But recently, the term "brush" took on a whole new meaning. I had to visit the hospital for an illness that my stubborn old self just couldn't get rid of. I had done all the things I knew to do and my husband just put his foot down and said we were going. Kicking and screaming, internally, I went. I just knew I would face another medico who would say I had a bad cold and could get what I needed in the over the counter department of my local pharmacy and pat me on my head and send me on my way as my primary care physician has done.
But that was not the case. In fact, as soon as they took my vitals and began the interview process I was rushed back to the critical care area and they put me on oxygen immediately. I was in fact very sick. Which, I must say, was almost a relief to hear someone else say. Odd how even when we know the truth it is sometimes the way it is delivered by someone else that makes all the difference in the world.
Then I met the most real person I have met in a very long time. There she was, a doctor who splits her time between Durango Colorado and Albuquerque. This just happened to be her last day in this location. How's that for the luck of the wicked? She asked questions about my life, my body, and then when we were working on the plan to implement medications she turned to me and said, "you know just in the few moments we have been sharing, I know that you are ill because of how you behave". Instead of my usual bristle to "authority", I was warmed by what she said. She continued by saying, that I am a protector, I use my heart and my body to shield those that I love and care about. And that is good and has a proper place but it was obvious that I didn't have enough of that caring and protection left to use on myself and the time had come for me to put me first. Not that I had to deny my "others" but that I must change my way of being in order to be at all.

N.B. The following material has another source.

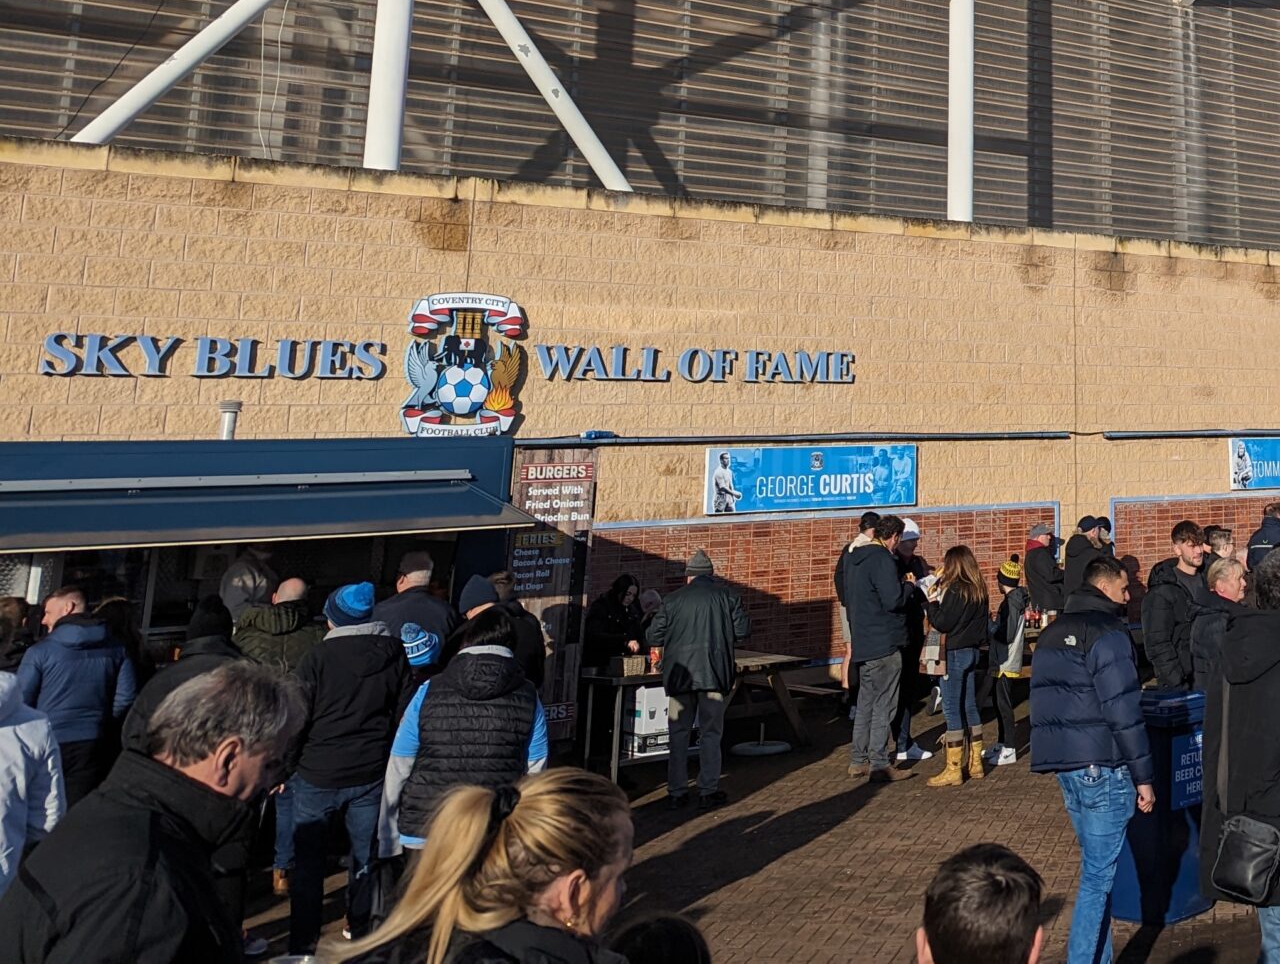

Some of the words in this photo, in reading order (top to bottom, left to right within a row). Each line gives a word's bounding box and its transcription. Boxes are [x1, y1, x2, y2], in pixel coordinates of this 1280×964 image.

It was like a lightning bolt that seared my soul. I knew what she was saying and I knew she was correct. I must change.
And that is what I am in the midst of doing.
I never wanted to be viewed as selfish. I never wanted to be viewed as self centered, so instead I went the other direction and gave myself away.....all the time. And it was not without cost or I must admit now, resentment.
Inside I have longed to play at arting. I have longed to do what I choose, not what is expected of me. I have yearned to find me in all of this chaos that is life. And frankly, there isn't a whole heck of a lot of time left to do so. Times a wastin'.
I have always found a reason why I could not do something because of something else that I put on myself as my duty. It will be a hard row to hoe but it must be. And those that accept it will and those that don't will look at me and wonder what happened to me. I hope someday they will understand, but if they don't, my taking time to explain wouldn't have been a good use of time anyway.
I'm off to practice the brush strokes that life has for me now. The truth is in the practice of it......at least that is what I am hoping for and trusting in.